> [About this task] Please retype every record below exactly, leaving the pictures out.

> [Annotated photo localization data]
= = =

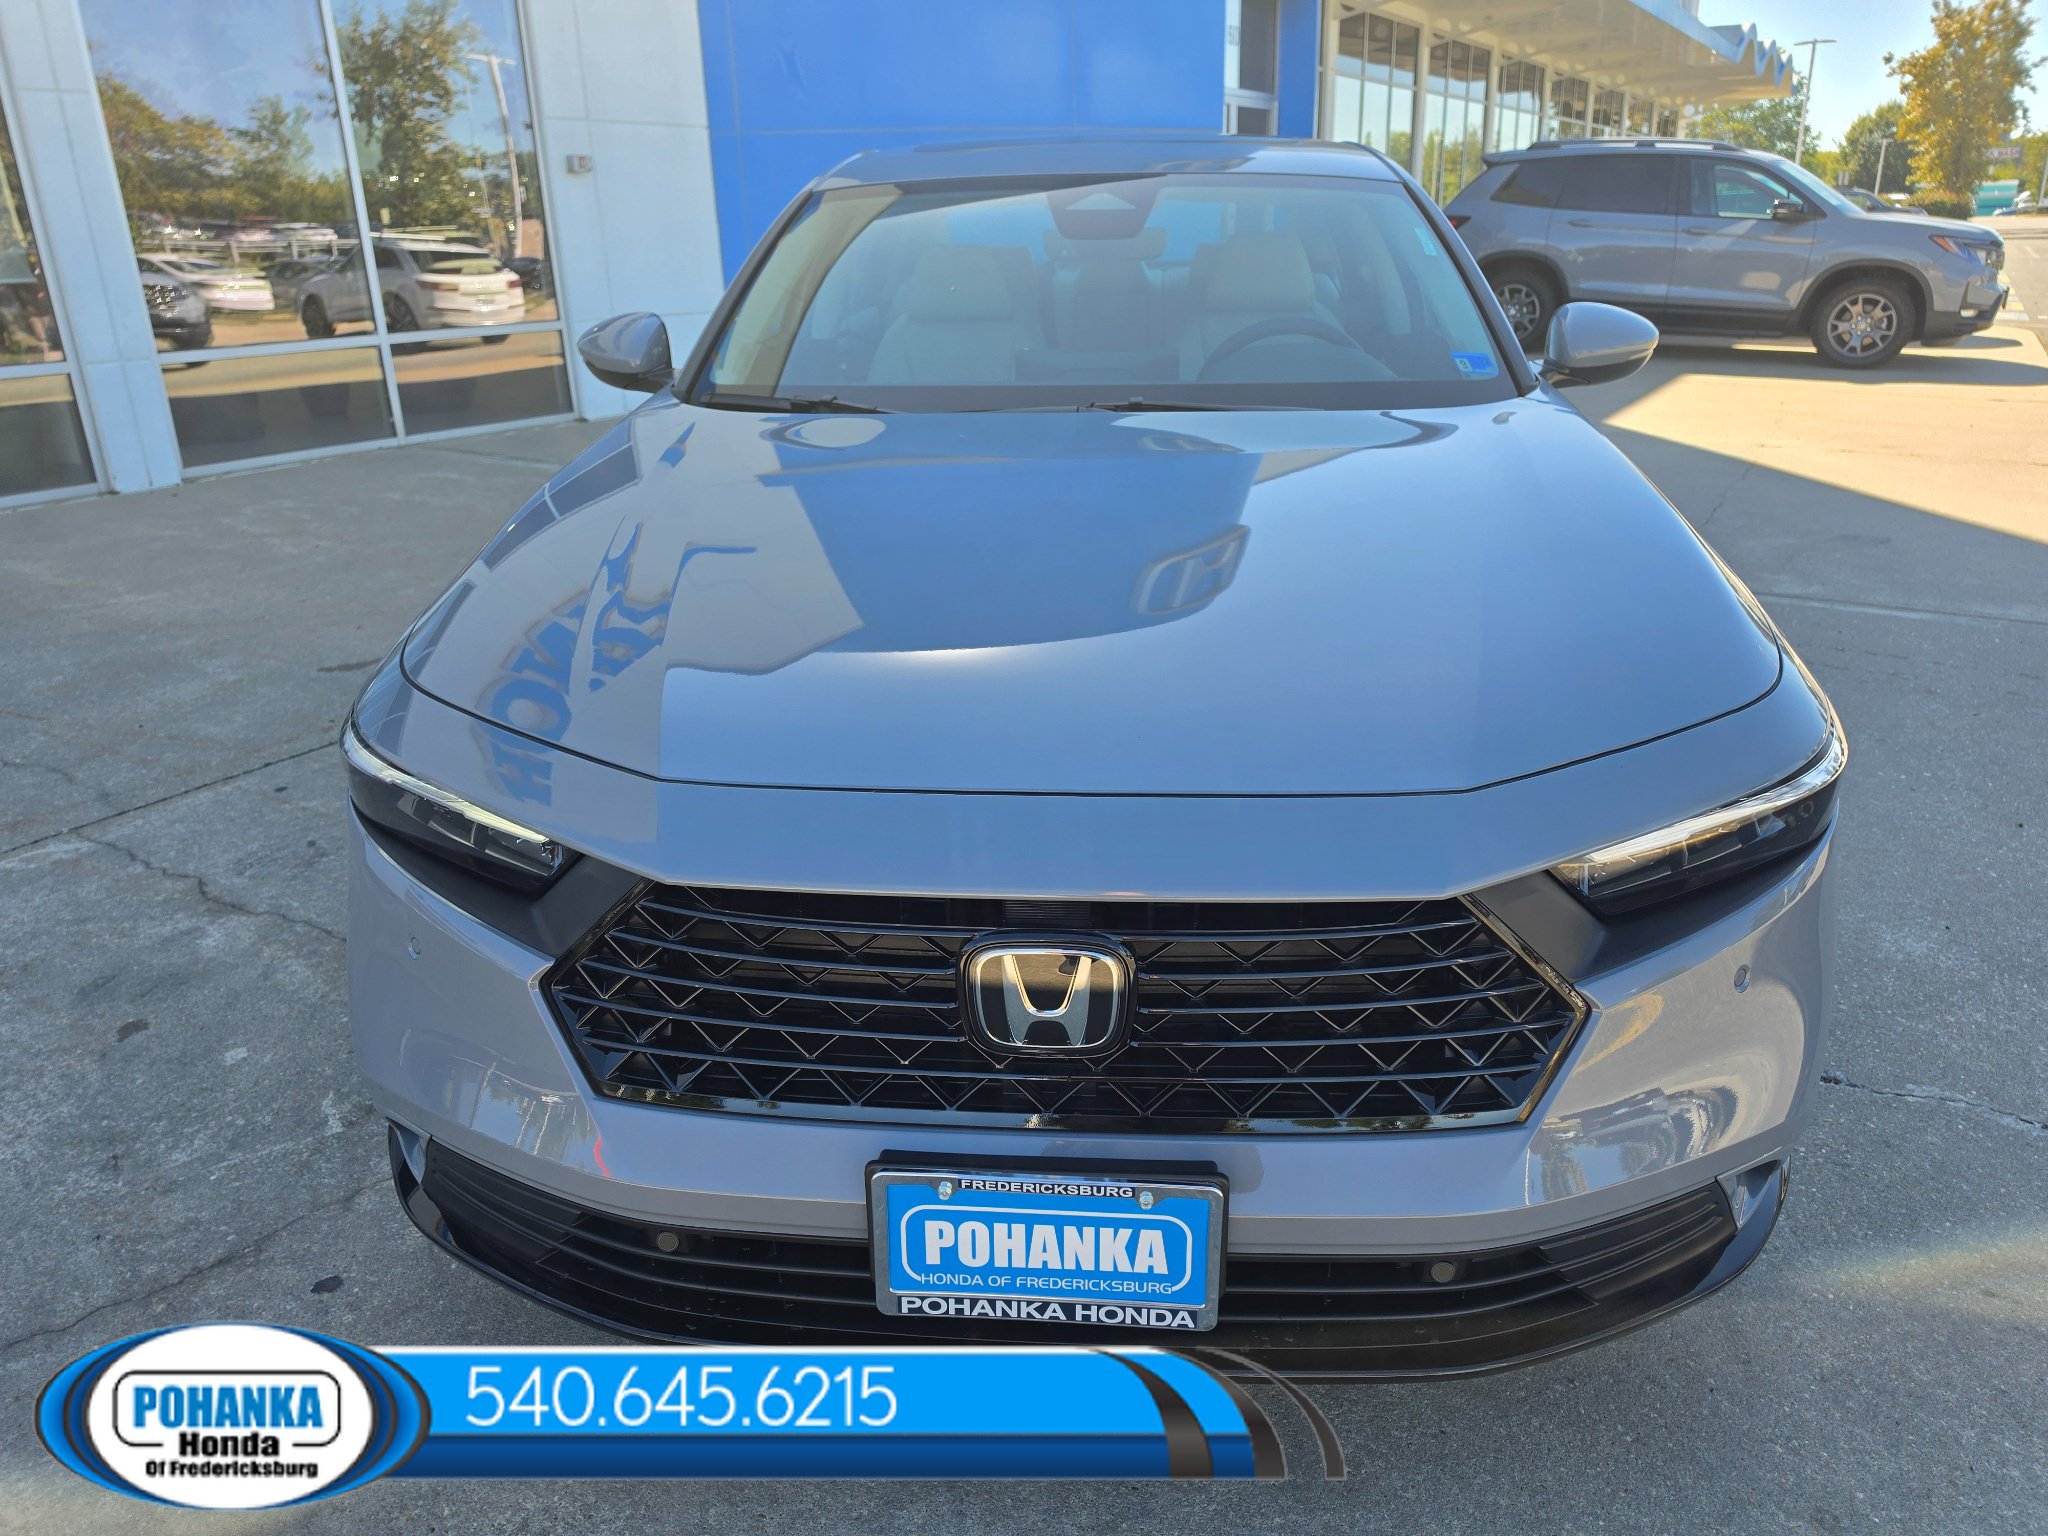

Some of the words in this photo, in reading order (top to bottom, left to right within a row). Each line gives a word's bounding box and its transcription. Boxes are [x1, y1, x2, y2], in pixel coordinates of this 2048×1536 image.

[961, 1179, 1133, 1198] FREDERICKSBURG
[924, 1220, 1169, 1275] POHANKA
[921, 1272, 984, 1287] HONDA
[988, 1275, 1012, 1288] OF
[1016, 1276, 1172, 1295] FREDERICKSBURG
[901, 1296, 1067, 1321] POHANKA
[1075, 1304, 1195, 1328] HONDA
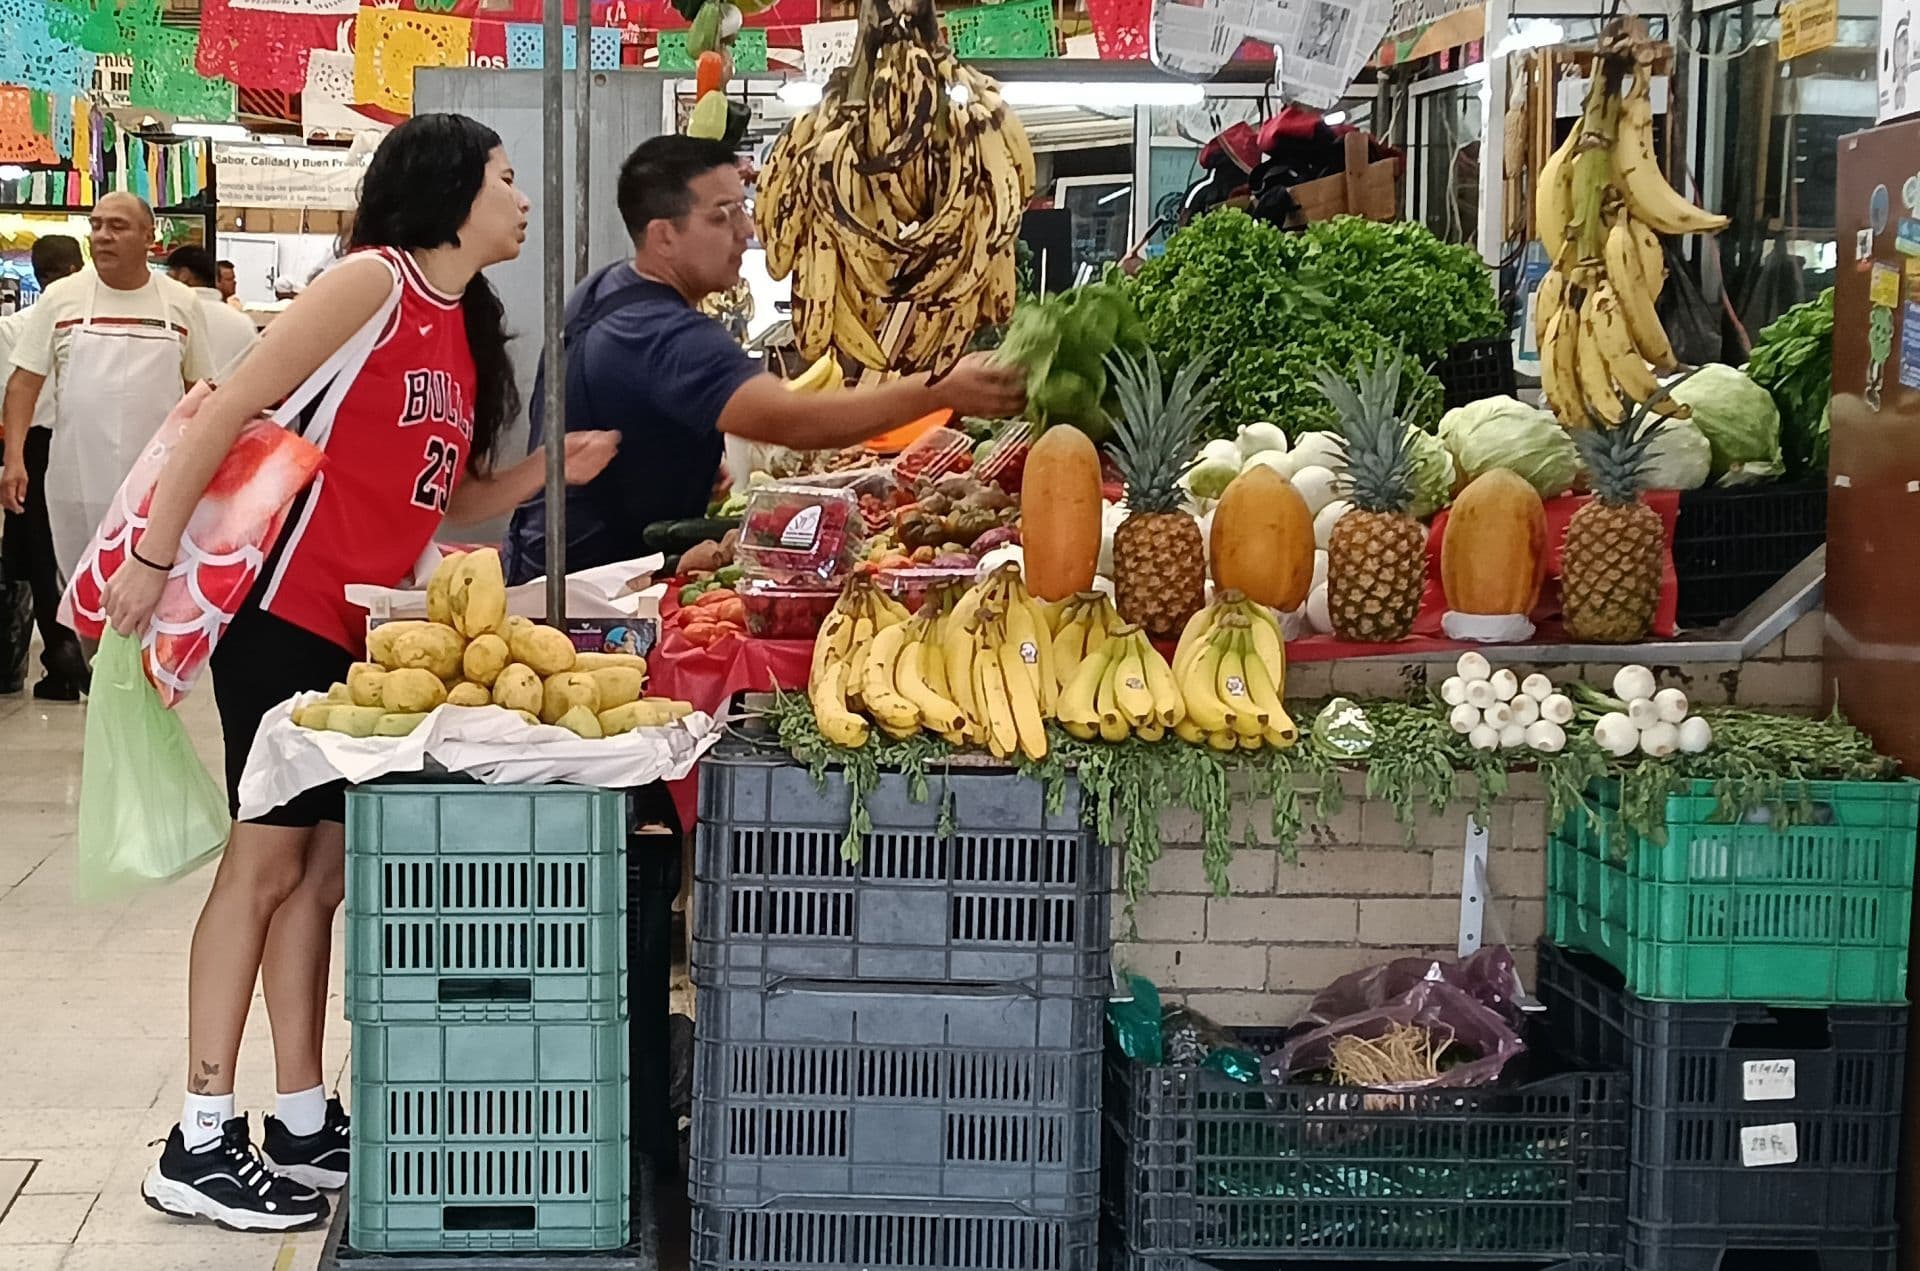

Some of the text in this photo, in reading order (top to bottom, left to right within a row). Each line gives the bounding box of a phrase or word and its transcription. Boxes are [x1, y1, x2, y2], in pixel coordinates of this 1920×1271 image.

= = =

> [Output for this task]
Some of the words in this photo, in reading order (top to bottom, left to right within a row). Each line gives a word's bounding box and its transcription. Boxes are [x1, y1, x2, y2], in pixel coordinates of this 2048×1536 image.

[961, 1179, 1133, 1198] FREDERICKSBURG
[924, 1220, 1169, 1275] POHANKA
[921, 1272, 984, 1287] HONDA
[988, 1275, 1012, 1288] OF
[1016, 1276, 1172, 1295] FREDERICKSBURG
[901, 1296, 1067, 1321] POHANKA
[1075, 1304, 1195, 1328] HONDA

Some of the text in this photo, in reading order (top to bottom, left to right within a row). Each line gives the bounding box of a phrase or word and its transcription. Boxes are [x1, y1, x2, y2], in pixel coordinates of this 1920×1271 image.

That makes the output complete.